Mme V, acquéreur recherche la responsabilité du vendeur tant sur le fondement de la garantie décennale des constructeurs que sur celui de la garantie des vices cachés.

Aux termes de l'article 1792 du code civil : «Tout constructeur d'un ouvrage est responsable de plein droit, envers le maître ou l'acquéreur de l'ouvrage, des dommages, même résultant d'un vice du sol, qui compromettent la solidité de l'ouvrage ou qui, l'affectant dans l'un de ses éléments constitutifs ou l'un de ses éléments d'équipement, le rendent impropre à sa destination». Il ressort de l'article 1792-1, qu'est réputé constructeur «2° toute personne qui vend, après achèvement, un ouvrage qu'elle a construit ou fait construire». Il résulte enfin de l'article 1792-4-1 que l'action prévue par le texte précité se prescrit par dix ans à compter de la réception des travaux. Il sera enfin précisé que la clause d'exonération de la garantie des vices cachés est sans effet sur la garantie légale des constructeurs telle que prévue par les textes précités.

Il suffit de rappeler que la société de la Grande Place (venderesse à Mme V) a acquis l'immeuble litigieux suivant un acte authentique reçu le 9 novembre 2001 et a entrepris d'importants travaux (gros 'uvre, aménagements intérieurs, réseaux et fluides) pour transformer cette maison d'habitation en immeuble collectif de trois logements (chacun comprenant séjour, salle d'eau et deux chambres) avec parties communes. L'expert indique dans son rapport que ces travaux ont été effectués entre 2001 et 2008 sans plus d'éléments.

La société de la Grande Place n'apporte, dans le cadre de la présente instance, strictement aucune précision complémentaire sur la date de réalisation de ces travaux. Elle précise seulement qu'ils n'ont pas été effectués par son gérant, M. E, par ailleurs maçon, mais par des entreprises dont elle s'abstient, au demeurant, de communiquer les noms, les assurances, les marchés et les factures. Aucune autorisation d'urbanisme n'est produite, ni déclaration d'achèvement, ni de procès- verbal de réception des travaux. La société de la Grande Place et M. E. exposent certes dans leurs écritures que les appartements ainsi créés auraient été loués à la fin de l'année 2002 mais ils n'en justifient pas davantage.

Il résulte du rapport de l'expert judiciaire que lesdits travaux ont consisté en de très lourdes modifications de l'immeuble. Dans ce cadre, ont notamment été posées sur les deux parquets bois existants, dont elles ont été séparées par un isolant (polystyrène), des chapes de béton de 60 à 70 mm d'épaisseur avec armature, chaînage et treillis métallique, le tout recouvert d'un carrelage. En sous face des planchers ont été installés des faux plafonds avec isolant fixés aux solives (dont certaines ont été renforcées) grâce à des suspentes métalliques.

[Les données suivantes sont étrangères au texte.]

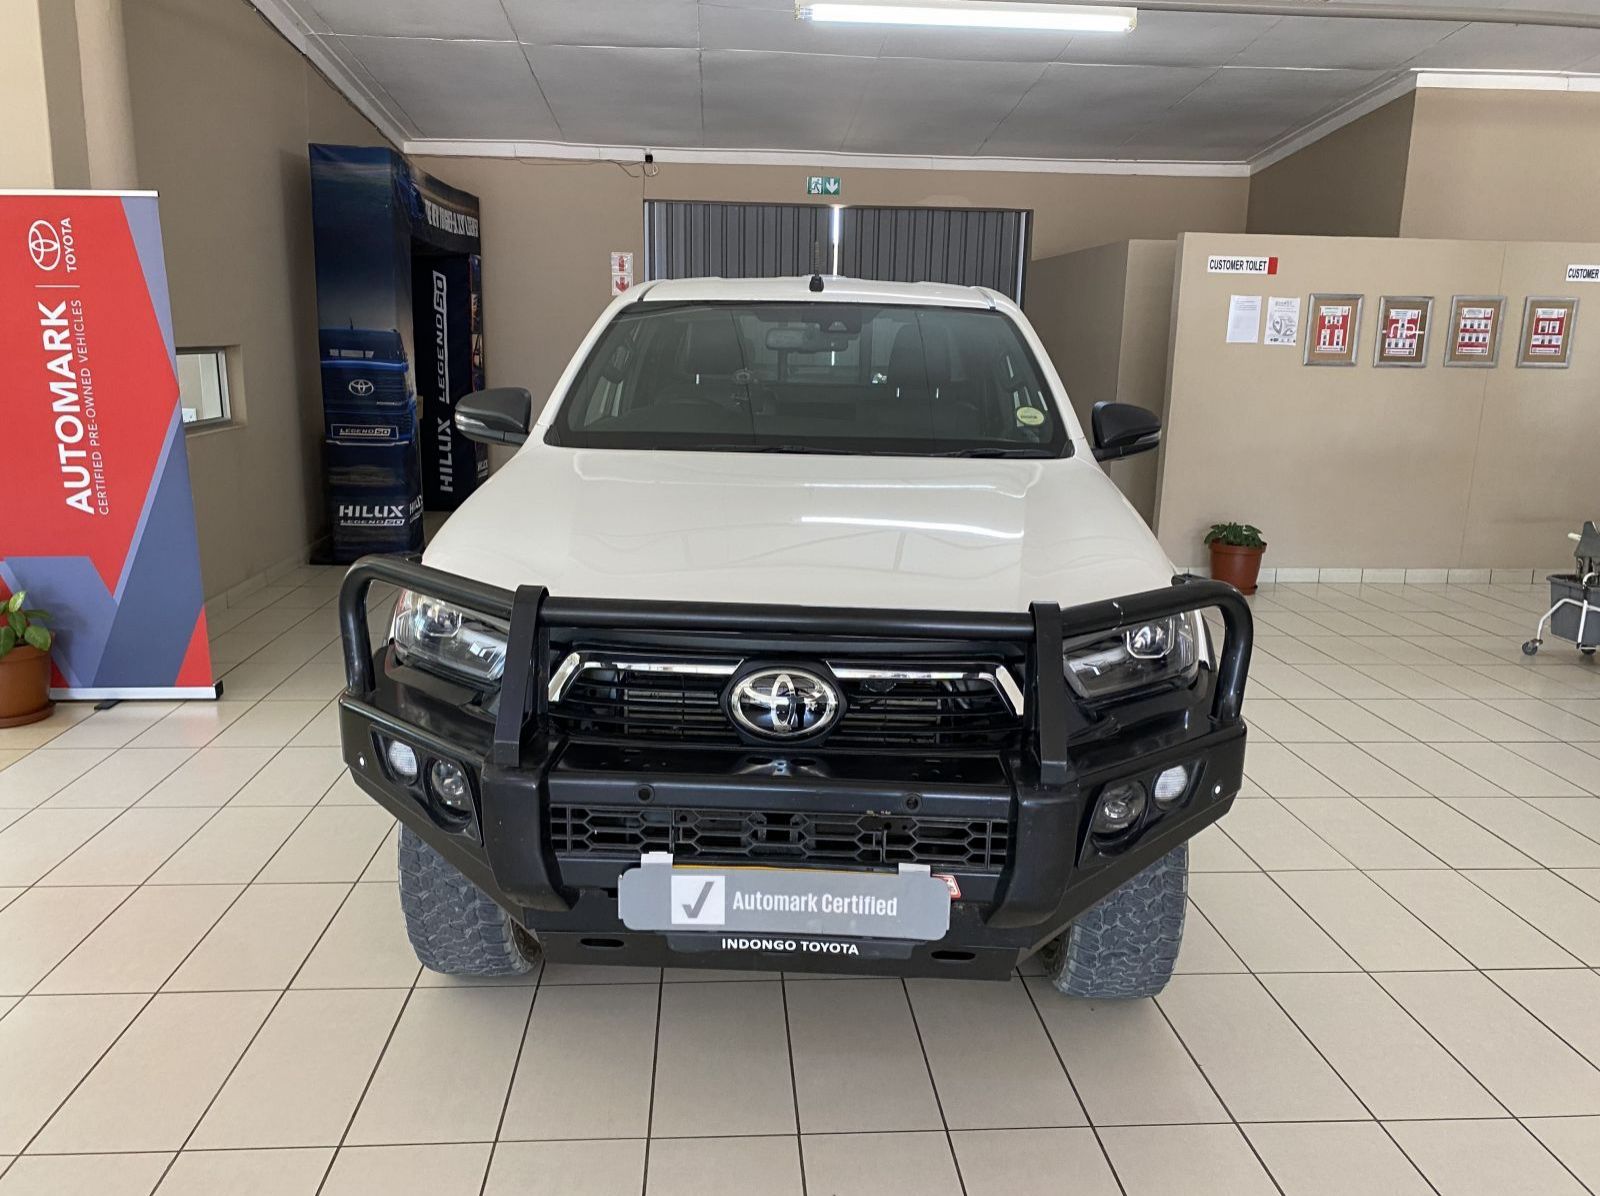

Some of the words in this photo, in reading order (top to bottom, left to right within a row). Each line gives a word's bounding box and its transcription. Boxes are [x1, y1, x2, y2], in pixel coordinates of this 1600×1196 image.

L'expert relève qu'aucun traitement n'avait été opéré lors des travaux initiaux sur les bois en place (planchers bois constitués de solives et de parquets) lesquels ne présentaient sans nul doute pas de désordre avant la mise en 'uvre des planchers béton.

Il est établi qu'en début d'année 2008, la présence de mérule a été détectée en partie Sud-Ouest de l'immeuble tant dans le plancher du premier étage que du second, et que deux traitements contre la mérule (suivis en 2009, juste avant la vente, d'un troisième contre les insectes xylophages) ont été mis en oeuvre par la société Breizh-Traitements (depuis liquidée) à la demande du propriétaire.

L'expert indique dans son rapport qu'à cette occasion, l'un des deux parquets (celui situé en dessous), dégradé par la mérule, a été partiellement déposé.

Cet immeuble a été cédé en février 2009 à Mme V qui a découvert, en septembre 2012, sur le doublage d'un mur la présence d'un champignon. Ayant pris contact avec une société spécialisée dans le traitement des parasites du bois, celle-ci lui a conseillé, face à l'ampleur des désordres, de faire établir un diagnostic. La société Alizé, mandatée dans ce cadre, a déposé le 31 octobre 2012 un rapport constatant «l'existence d'une infestation massive d'un champignon lignivore de type mérule Serpula Lacrymans dans l'immeuble, affectant notamment les façades Nord et Ouest du bâtiment», notant, fait rarissime selon l'expert, la présence en extérieur sur le pignon Nord-Ouest de l'immeuble d'un carpophore de mérule. Le diagnostiqueur précise en conclusions de son rapport que '"les dégradations observées trouvent leur origine dans l'existence d'une ancienne infestation par la mérule, mal ou insuffisamment traitée lors des années passées, et dans la réalisation d'un plancher béton sur solivage bois existant, qui a pu constituer un apport d'eau alimentant le parasite». Il a préconisé la réalisation, compte tenu de la fragilisation des appuis, d'un diagnostic de la résistance de la mécanique des bois et matériaux. M. Pierre D, ingénieur, a réalisé, en mars 2013, ce diagnostic à la demande de Mme V. Il conclut qu'il est indispensable de revoir l'intégralité des structures des planchers, soit en les renforçant soit en les remplaçant. Il estime qu'il y a un défaut de solidité lié à la présence de la mérule et menace de ruine. Il a notamment préconisé l'étaiement et l'évacuation du logement du rez-de-chaussée ainsi que la réalisation d'investigations complémentaires.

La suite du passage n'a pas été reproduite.